John Milton’s Paradise Lost, Book IX, 1100 – 1114

Was it really fig leaves mankind made its first clothes from? Stitched together with what? Perhaps vines or reeds even strands of Eve’s hair? Archaeologists would find the evidence for this earliest of textiles a bit insubstantial. Instead they have dug up fragments of spun thread, felted clothes, spinning and weaving tools, and pottery bearing the imprints of twisted threads. These artefacts can tell us many things about the history of the fabric we make and the clothes we wear.

Science has advanced to a stage where plant types can be identified from the indentation they have left in soft clay baked hard and buried for thousands of years.

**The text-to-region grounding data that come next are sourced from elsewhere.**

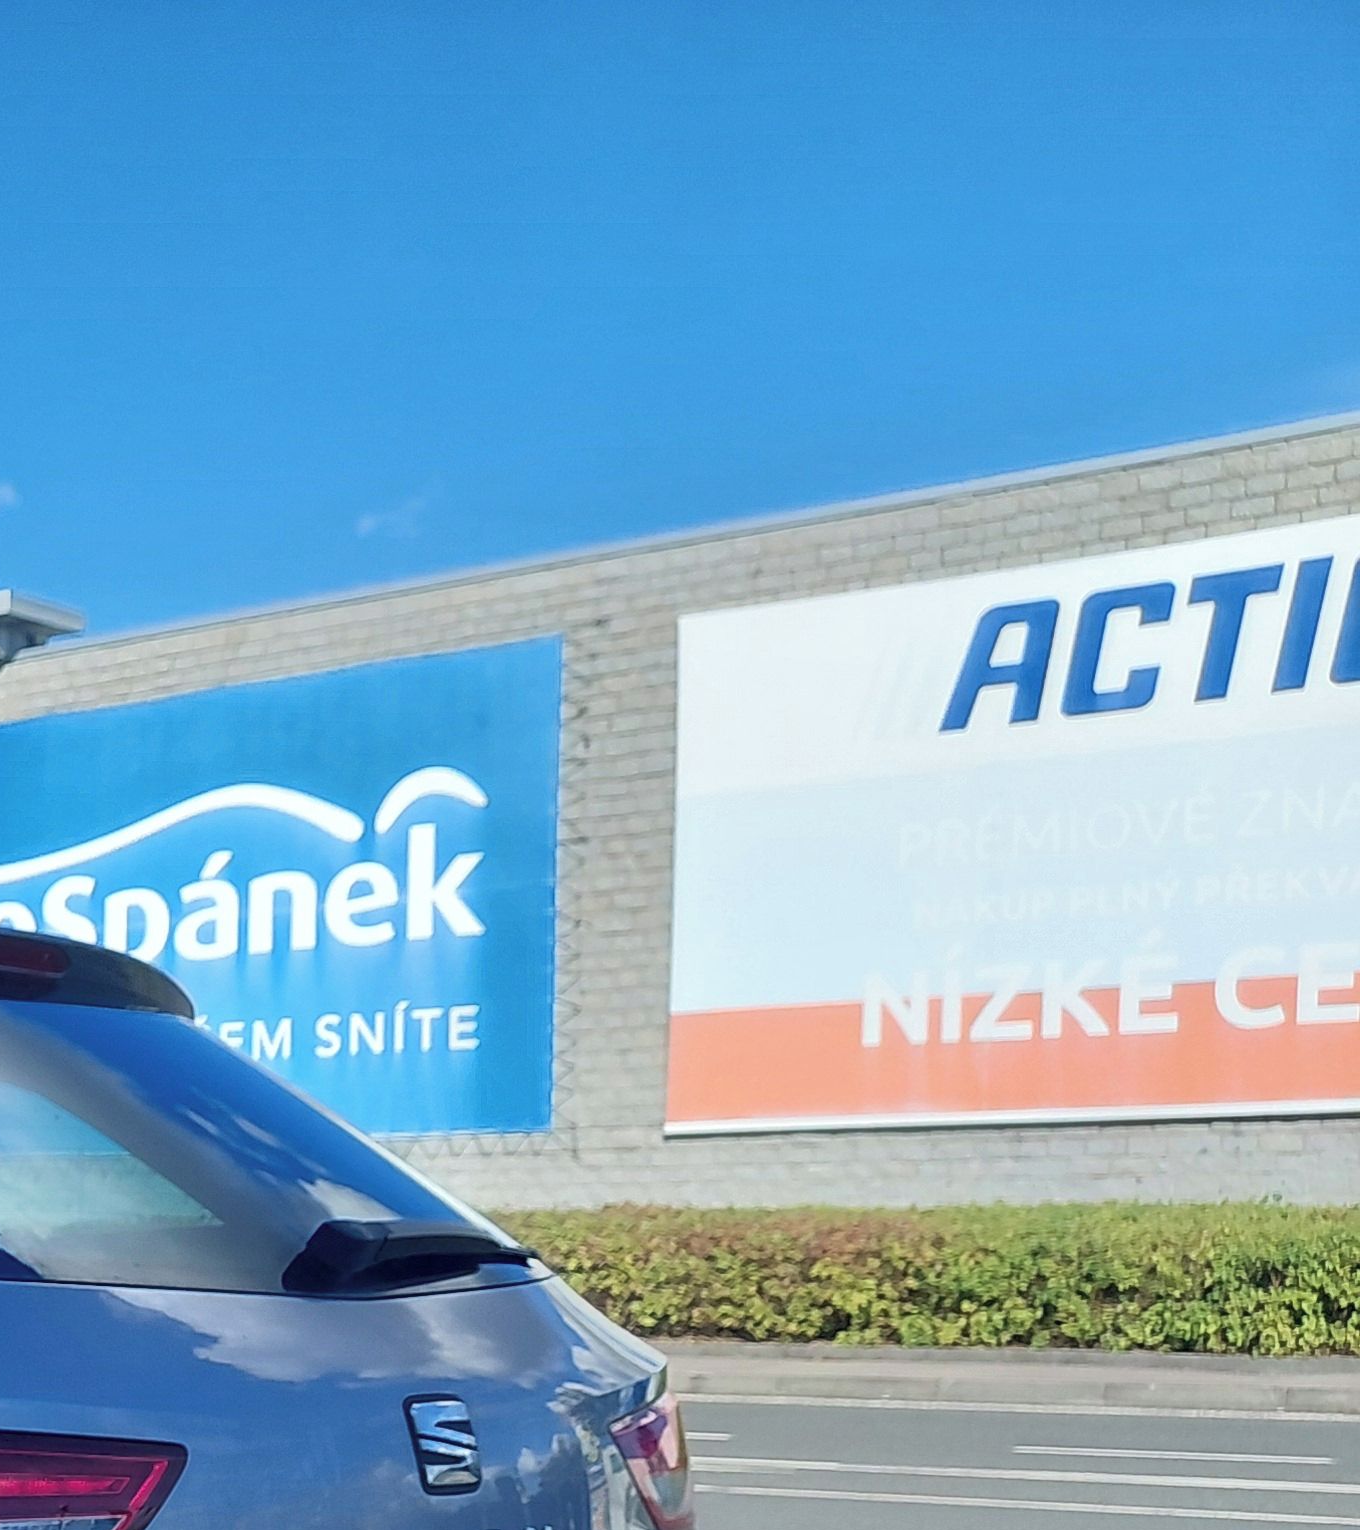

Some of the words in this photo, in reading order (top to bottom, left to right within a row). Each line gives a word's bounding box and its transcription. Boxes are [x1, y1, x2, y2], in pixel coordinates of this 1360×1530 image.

[939, 556, 1360, 733] ACTI
[194, 1013, 292, 1061] EM
[314, 1000, 480, 1058] SNÍTE
[861, 927, 1180, 1048] NÍZKÉ
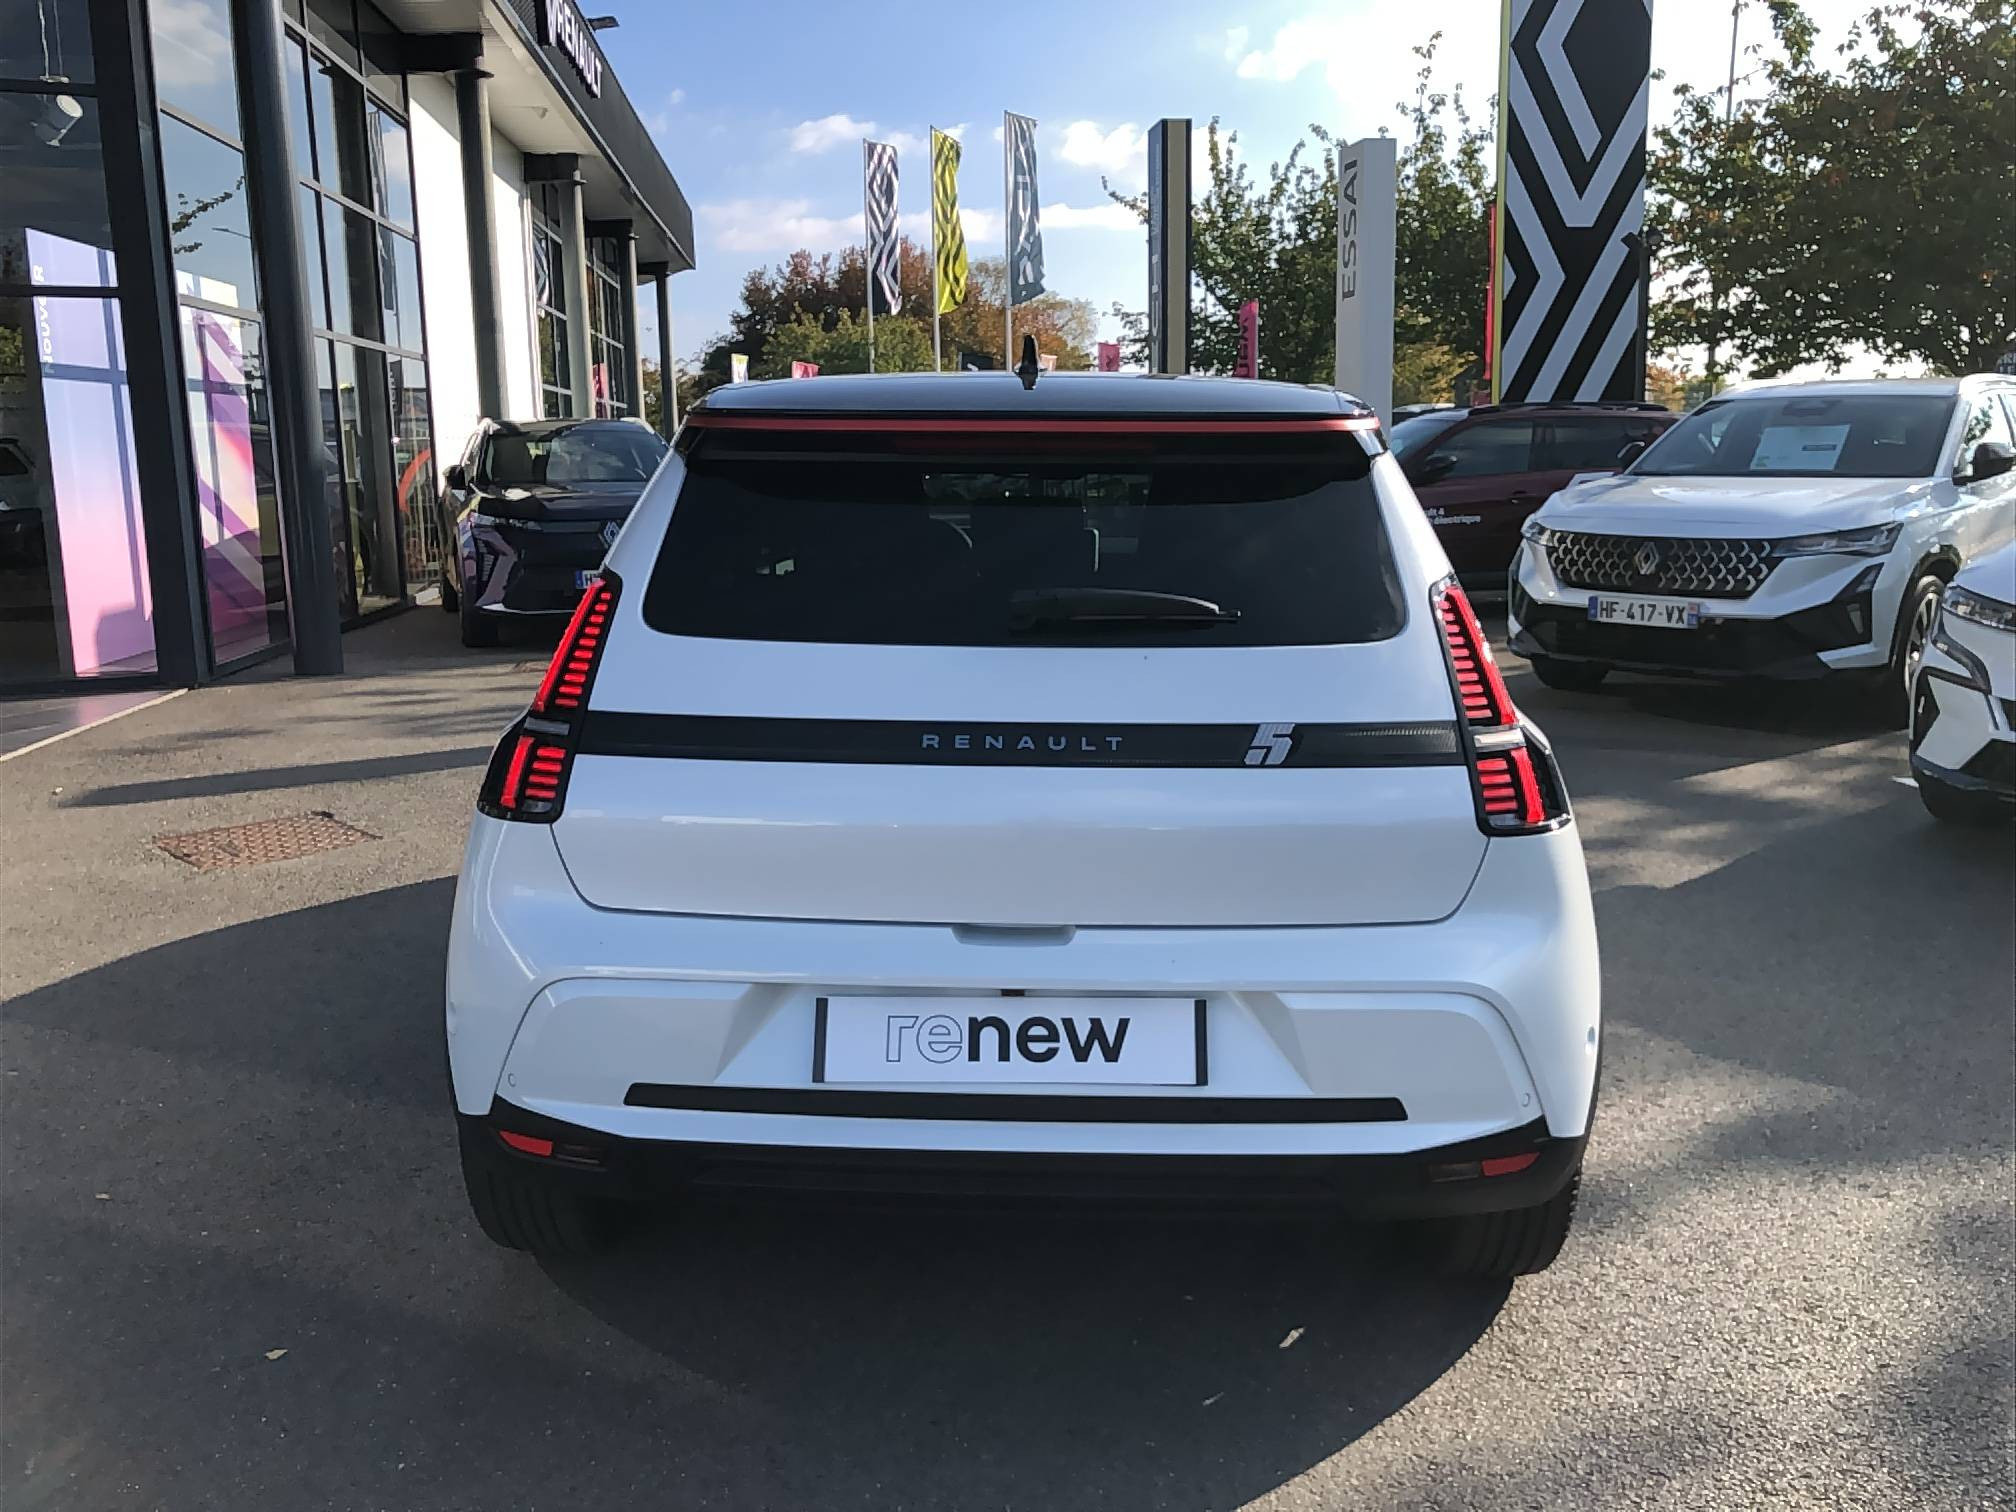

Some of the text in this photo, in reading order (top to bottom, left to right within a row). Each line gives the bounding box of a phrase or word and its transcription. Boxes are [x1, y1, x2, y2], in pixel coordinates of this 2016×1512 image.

[557, 0, 602, 99] RENAULT
[1342, 158, 1358, 301] ESSAI
[1600, 600, 1686, 625] HF-417-VX
[921, 722, 1295, 766] RENAULT 5
[885, 1014, 1131, 1064] renew

Ancient trade routes have been traced to mark the comings and goings of goods and cultures across the world telling us that China traded silk fabric earlier than the official date given. We know that certain plants were unknown to Europeans although they readily wore clothes made from the cloth spun from the plant.

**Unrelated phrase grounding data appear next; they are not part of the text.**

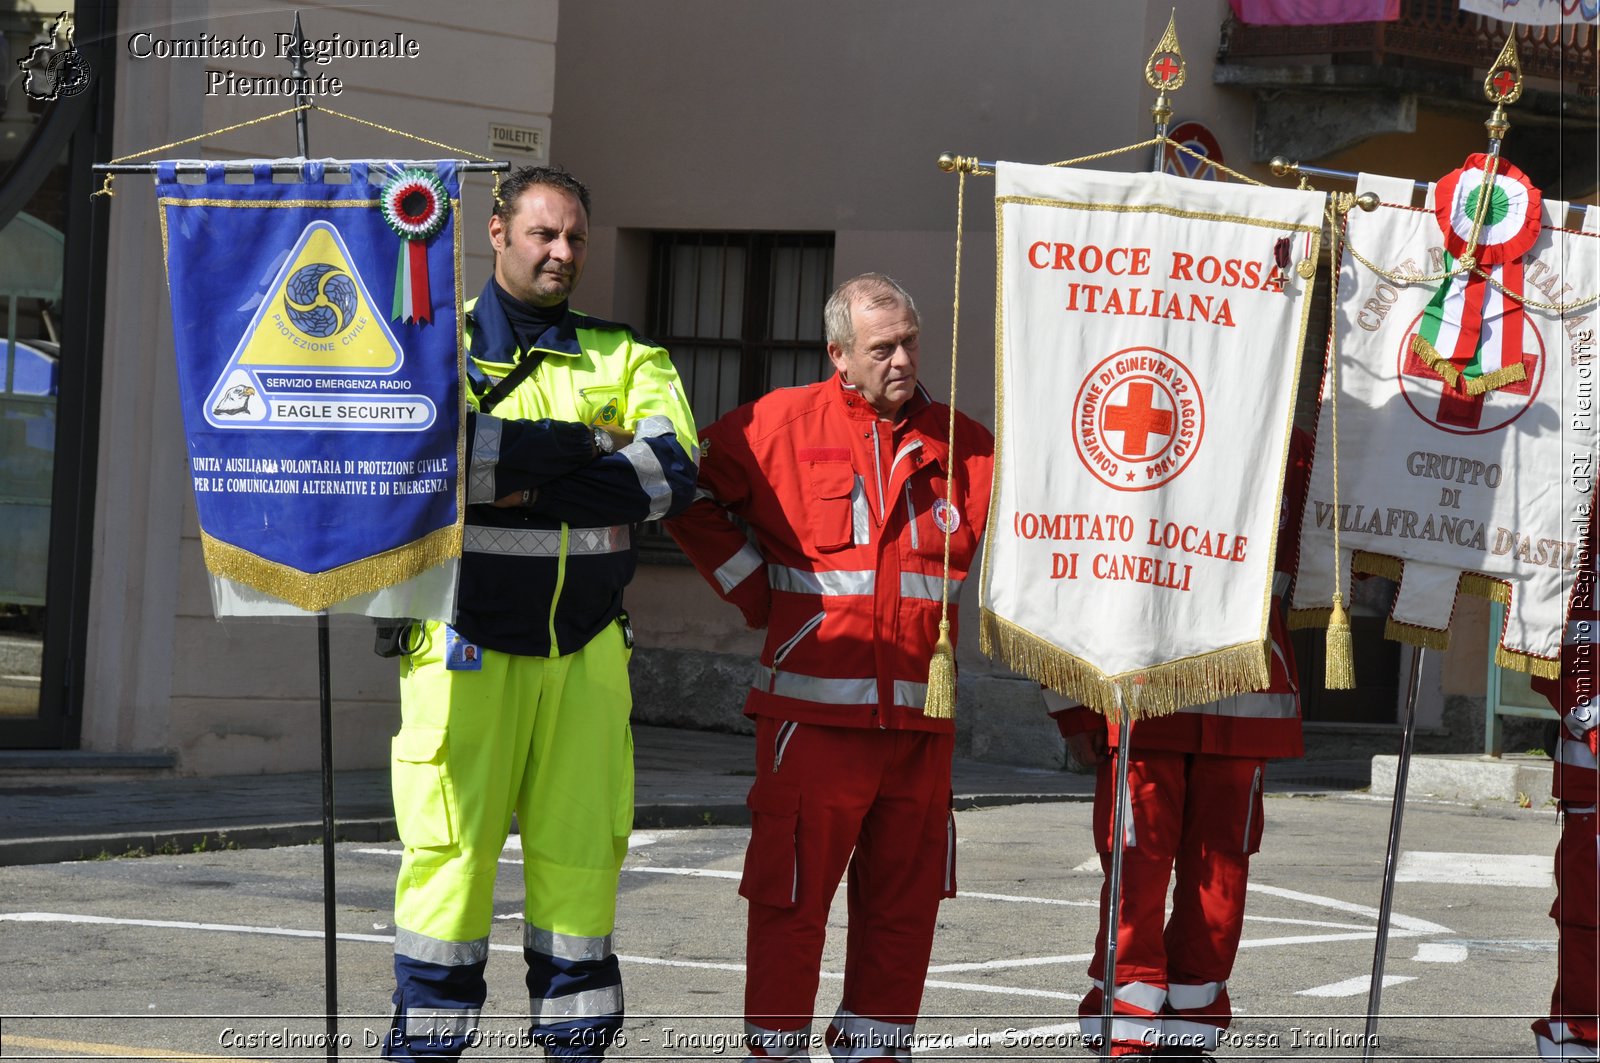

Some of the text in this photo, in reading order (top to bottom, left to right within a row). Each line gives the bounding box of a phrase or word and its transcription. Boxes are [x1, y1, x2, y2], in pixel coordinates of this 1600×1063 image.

[493, 127, 540, 145] TOILETTE
[1028, 241, 1151, 276] CROCE
[1065, 283, 1237, 328] ITALIANA
[272, 313, 367, 352] PROTEZIONE CIVILE
[266, 378, 412, 390] SERVIZIO EMERGENZA RADIO
[277, 405, 416, 419] EAGLE SECURITY
[1081, 356, 1196, 479] CONVENZIONE DI GINEVRA 22 AGOSTO 1864
[193, 457, 448, 475] UNITA' AUSILIARIA VOLONTARIA DI PROTEZIONE CIVILE
[1406, 450, 1503, 489] GRUPPO
[194, 477, 448, 495] PER LE COMUNICAZIONI ALTERNATIVE E DI EMERGENZA
[1438, 487, 1462, 509] DI
[1147, 518, 1248, 563] LOCALE
[1313, 500, 1488, 551] VILLAFRANCA
[1050, 552, 1193, 591] DI CANELLI

Textiles are an integral part of life. Terms used for the making of textiles, like weaving and spinning, are used for other aspects of our lives: we weave webs of intrigue and spin lies, cloak ourselves in mystery, knit our brows with worry and tie up loose ends of business. There are blankets of silence, sheets of rain and veils of mist. Textiles define who we are historically and culturally. Whether we live in a high rise city and wear the latest Paris fashions or we subscribe to older traditions away from the hustle and bustle of technology, we are still bound by certain taboos and beliefs about clothing. At funerals we don’t wear bright colours; traditionally it is black. Weddings are usually done in yards and yards of white silk, satin and lace but in some Asian countries you are married in red as a symbol of good luck and prosperity.

Boys are still dressed in blue, girls in pink. Red is still seen as a sexy and seductive colour (unless you are getting married in it). Blue and green should never be seen, though as it is the word green that rhymes with ‘seen’ then it could be any colour and green should never be seen.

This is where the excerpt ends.